__EXERCISE DESCRIPTION__. Output verbatim the line with "this 1920×1080 image." together with every line beneath it, ending at the last line of the entries.

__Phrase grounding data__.
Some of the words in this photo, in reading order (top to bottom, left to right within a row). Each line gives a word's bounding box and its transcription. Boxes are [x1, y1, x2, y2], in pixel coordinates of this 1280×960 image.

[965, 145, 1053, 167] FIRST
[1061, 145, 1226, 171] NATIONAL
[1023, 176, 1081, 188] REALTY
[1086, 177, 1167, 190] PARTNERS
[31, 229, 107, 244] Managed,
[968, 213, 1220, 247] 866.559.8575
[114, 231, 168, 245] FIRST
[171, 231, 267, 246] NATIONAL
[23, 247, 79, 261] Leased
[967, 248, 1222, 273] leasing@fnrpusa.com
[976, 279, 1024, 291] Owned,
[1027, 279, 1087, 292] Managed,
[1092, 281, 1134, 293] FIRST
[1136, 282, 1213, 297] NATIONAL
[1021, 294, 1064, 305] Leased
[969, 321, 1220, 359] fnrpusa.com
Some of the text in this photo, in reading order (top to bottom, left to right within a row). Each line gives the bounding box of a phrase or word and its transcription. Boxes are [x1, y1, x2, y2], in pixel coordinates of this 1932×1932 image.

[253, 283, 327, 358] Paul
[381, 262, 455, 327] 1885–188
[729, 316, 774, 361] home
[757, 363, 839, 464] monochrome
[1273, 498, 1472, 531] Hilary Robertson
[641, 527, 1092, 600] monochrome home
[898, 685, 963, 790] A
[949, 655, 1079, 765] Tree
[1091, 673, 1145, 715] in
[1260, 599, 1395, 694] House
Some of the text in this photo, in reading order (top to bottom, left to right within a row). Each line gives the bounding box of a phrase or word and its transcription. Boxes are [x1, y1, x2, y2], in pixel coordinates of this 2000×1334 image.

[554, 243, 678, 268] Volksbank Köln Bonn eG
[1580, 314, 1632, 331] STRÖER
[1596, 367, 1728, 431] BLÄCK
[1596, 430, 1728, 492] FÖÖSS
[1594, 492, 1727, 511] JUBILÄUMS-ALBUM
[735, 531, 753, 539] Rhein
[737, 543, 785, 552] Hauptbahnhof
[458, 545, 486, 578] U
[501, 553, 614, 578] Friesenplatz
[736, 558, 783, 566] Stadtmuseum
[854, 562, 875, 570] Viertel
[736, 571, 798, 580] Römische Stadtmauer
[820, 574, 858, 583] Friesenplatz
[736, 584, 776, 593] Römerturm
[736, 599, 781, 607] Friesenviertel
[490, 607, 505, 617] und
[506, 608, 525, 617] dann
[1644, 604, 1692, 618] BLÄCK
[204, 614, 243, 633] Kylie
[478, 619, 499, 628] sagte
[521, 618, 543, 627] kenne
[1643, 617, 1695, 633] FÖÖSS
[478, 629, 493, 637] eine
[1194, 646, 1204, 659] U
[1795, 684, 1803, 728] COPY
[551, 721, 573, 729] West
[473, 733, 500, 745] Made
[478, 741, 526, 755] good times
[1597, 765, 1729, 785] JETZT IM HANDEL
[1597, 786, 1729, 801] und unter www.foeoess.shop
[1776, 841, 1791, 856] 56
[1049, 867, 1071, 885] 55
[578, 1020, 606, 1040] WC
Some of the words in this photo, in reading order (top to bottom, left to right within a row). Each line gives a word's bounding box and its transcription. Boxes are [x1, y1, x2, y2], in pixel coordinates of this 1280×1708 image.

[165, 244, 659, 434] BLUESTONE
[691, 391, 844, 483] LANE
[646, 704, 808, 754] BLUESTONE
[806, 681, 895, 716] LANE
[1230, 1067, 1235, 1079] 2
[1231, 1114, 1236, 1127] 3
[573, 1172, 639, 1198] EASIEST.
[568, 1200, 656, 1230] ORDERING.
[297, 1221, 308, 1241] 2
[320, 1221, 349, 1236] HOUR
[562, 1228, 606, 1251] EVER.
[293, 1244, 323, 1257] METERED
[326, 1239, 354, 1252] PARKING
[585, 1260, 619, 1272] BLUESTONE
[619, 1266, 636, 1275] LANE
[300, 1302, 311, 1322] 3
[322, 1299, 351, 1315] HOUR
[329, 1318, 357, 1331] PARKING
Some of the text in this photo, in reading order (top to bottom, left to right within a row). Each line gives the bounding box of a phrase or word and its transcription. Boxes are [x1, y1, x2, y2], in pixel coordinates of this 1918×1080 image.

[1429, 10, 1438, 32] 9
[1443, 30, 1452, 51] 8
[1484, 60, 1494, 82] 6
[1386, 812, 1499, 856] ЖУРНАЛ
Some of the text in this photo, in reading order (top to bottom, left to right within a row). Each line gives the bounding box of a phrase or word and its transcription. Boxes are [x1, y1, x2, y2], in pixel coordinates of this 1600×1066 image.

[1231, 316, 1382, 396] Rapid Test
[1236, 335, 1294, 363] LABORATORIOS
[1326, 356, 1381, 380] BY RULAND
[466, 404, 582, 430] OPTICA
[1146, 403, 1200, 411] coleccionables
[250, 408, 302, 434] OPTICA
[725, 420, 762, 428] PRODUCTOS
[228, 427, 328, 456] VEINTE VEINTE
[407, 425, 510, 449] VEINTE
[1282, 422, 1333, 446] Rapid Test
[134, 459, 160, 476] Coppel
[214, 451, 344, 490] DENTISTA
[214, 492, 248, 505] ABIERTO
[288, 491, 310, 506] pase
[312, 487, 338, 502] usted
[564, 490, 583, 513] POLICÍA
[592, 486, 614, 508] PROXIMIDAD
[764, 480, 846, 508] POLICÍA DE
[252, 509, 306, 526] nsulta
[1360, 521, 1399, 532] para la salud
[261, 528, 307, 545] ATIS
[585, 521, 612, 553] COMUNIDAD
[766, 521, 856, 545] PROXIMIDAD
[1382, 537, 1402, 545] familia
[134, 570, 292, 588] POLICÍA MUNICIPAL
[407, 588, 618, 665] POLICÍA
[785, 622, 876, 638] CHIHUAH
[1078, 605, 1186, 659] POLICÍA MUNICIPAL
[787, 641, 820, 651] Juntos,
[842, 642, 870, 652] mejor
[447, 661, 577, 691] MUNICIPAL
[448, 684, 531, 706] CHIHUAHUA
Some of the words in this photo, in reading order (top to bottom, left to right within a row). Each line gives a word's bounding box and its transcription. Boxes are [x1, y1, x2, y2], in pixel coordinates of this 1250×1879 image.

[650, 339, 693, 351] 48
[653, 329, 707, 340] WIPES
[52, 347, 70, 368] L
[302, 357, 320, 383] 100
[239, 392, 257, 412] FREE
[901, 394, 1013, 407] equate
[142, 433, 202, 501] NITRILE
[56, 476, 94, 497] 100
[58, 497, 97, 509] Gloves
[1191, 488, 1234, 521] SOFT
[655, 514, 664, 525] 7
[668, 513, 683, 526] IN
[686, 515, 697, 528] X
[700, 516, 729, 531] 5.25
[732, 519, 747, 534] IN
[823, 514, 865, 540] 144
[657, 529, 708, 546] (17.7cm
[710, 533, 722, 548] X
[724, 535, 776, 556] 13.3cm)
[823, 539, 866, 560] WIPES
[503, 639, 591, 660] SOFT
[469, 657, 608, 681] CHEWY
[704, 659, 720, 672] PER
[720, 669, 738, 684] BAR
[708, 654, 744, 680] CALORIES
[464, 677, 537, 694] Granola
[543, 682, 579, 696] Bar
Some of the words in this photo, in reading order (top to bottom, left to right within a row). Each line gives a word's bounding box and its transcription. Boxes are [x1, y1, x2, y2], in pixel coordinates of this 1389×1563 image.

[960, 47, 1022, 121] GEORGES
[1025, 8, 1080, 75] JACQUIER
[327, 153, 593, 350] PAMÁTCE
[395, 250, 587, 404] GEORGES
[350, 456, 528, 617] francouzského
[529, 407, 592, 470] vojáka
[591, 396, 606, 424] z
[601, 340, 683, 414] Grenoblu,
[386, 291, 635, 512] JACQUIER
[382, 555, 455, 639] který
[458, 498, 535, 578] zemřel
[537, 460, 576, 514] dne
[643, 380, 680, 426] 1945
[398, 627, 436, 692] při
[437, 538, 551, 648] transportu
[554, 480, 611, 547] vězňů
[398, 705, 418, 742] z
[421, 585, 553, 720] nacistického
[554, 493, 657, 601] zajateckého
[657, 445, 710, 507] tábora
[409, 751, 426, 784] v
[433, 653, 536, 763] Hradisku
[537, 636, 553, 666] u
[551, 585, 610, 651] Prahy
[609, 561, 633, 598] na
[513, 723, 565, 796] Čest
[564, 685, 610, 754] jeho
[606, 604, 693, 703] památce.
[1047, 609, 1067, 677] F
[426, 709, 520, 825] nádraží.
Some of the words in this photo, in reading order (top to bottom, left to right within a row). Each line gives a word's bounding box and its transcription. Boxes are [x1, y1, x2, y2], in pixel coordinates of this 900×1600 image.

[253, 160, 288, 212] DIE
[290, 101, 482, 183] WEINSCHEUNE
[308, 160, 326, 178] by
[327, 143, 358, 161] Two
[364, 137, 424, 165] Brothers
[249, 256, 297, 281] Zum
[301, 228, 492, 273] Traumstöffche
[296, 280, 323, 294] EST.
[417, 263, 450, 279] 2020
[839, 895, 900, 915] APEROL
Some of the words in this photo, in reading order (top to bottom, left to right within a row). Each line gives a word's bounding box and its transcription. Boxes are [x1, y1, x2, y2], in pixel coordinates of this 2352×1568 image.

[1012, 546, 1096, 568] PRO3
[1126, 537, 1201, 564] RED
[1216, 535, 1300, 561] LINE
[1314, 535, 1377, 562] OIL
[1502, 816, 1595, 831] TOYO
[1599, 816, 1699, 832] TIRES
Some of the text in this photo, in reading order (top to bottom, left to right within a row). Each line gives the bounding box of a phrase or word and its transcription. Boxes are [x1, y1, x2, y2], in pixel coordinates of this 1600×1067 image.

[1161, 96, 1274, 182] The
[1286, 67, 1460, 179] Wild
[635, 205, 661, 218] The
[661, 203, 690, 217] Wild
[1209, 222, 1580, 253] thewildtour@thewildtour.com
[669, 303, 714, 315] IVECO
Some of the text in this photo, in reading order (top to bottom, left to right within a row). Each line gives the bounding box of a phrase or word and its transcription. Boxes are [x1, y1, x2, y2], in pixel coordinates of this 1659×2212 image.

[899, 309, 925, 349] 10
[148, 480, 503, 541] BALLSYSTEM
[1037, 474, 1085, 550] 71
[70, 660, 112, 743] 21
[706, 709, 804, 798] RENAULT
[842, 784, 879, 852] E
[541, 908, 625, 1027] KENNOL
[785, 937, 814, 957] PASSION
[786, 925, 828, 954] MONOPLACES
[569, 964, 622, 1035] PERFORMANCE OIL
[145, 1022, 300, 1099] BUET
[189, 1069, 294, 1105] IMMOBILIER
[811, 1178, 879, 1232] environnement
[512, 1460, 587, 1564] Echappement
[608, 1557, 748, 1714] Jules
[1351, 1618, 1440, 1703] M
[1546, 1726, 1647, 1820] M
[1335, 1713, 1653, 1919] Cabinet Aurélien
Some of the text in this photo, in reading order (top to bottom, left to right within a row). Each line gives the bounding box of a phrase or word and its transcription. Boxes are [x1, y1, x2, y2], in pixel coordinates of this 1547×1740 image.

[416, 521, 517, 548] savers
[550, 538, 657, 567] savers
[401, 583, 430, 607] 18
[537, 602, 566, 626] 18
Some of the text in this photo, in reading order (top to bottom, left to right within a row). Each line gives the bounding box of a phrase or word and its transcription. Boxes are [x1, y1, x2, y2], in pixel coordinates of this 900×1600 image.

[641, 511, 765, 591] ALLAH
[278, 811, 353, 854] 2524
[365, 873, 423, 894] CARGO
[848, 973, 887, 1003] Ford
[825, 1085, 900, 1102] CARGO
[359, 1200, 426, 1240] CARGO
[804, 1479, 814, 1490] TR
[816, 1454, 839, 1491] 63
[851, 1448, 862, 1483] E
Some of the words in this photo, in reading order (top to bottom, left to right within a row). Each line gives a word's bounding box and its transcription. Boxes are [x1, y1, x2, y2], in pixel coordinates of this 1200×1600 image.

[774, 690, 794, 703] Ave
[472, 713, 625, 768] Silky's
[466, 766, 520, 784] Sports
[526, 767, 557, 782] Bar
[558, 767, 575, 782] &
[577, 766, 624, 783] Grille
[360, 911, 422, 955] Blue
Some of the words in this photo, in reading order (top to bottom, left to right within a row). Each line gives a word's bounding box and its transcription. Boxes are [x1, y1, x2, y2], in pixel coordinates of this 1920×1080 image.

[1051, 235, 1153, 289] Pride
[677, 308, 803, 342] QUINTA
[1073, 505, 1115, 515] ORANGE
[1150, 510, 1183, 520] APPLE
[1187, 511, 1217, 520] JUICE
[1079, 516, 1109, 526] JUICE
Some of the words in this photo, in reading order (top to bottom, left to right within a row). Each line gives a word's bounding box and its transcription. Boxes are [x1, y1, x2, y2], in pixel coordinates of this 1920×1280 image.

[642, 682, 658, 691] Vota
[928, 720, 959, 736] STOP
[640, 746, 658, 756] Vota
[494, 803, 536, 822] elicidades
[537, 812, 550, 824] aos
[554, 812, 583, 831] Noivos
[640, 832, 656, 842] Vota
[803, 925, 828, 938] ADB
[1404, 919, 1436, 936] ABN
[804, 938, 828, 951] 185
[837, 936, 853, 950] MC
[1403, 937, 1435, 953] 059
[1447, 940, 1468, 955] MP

__TASK OUTPUT__.
Some of the words in this photo, in reading order (top to bottom, left to right within a row). Each line gives a word's bounding box and its transcription. Boxes are [x1, y1, x2, y2], in pixel coordinates of this 1920×1080 image.

[1051, 235, 1153, 289] Pride
[677, 308, 803, 342] QUINTA
[1073, 505, 1115, 515] ORANGE
[1150, 510, 1183, 520] APPLE
[1187, 511, 1217, 520] JUICE
[1079, 516, 1109, 526] JUICE
Some of the words in this photo, in reading order (top to bottom, left to right within a row). Each line gives a word's bounding box and its transcription. Boxes are [x1, y1, x2, y2], in pixel coordinates of this 1920×1280 image.

[642, 682, 658, 691] Vota
[928, 720, 959, 736] STOP
[640, 746, 658, 756] Vota
[494, 803, 536, 822] elicidades
[537, 812, 550, 824] aos
[554, 812, 583, 831] Noivos
[640, 832, 656, 842] Vota
[803, 925, 828, 938] ADB
[1404, 919, 1436, 936] ABN
[804, 938, 828, 951] 185
[837, 936, 853, 950] MC
[1403, 937, 1435, 953] 059
[1447, 940, 1468, 955] MP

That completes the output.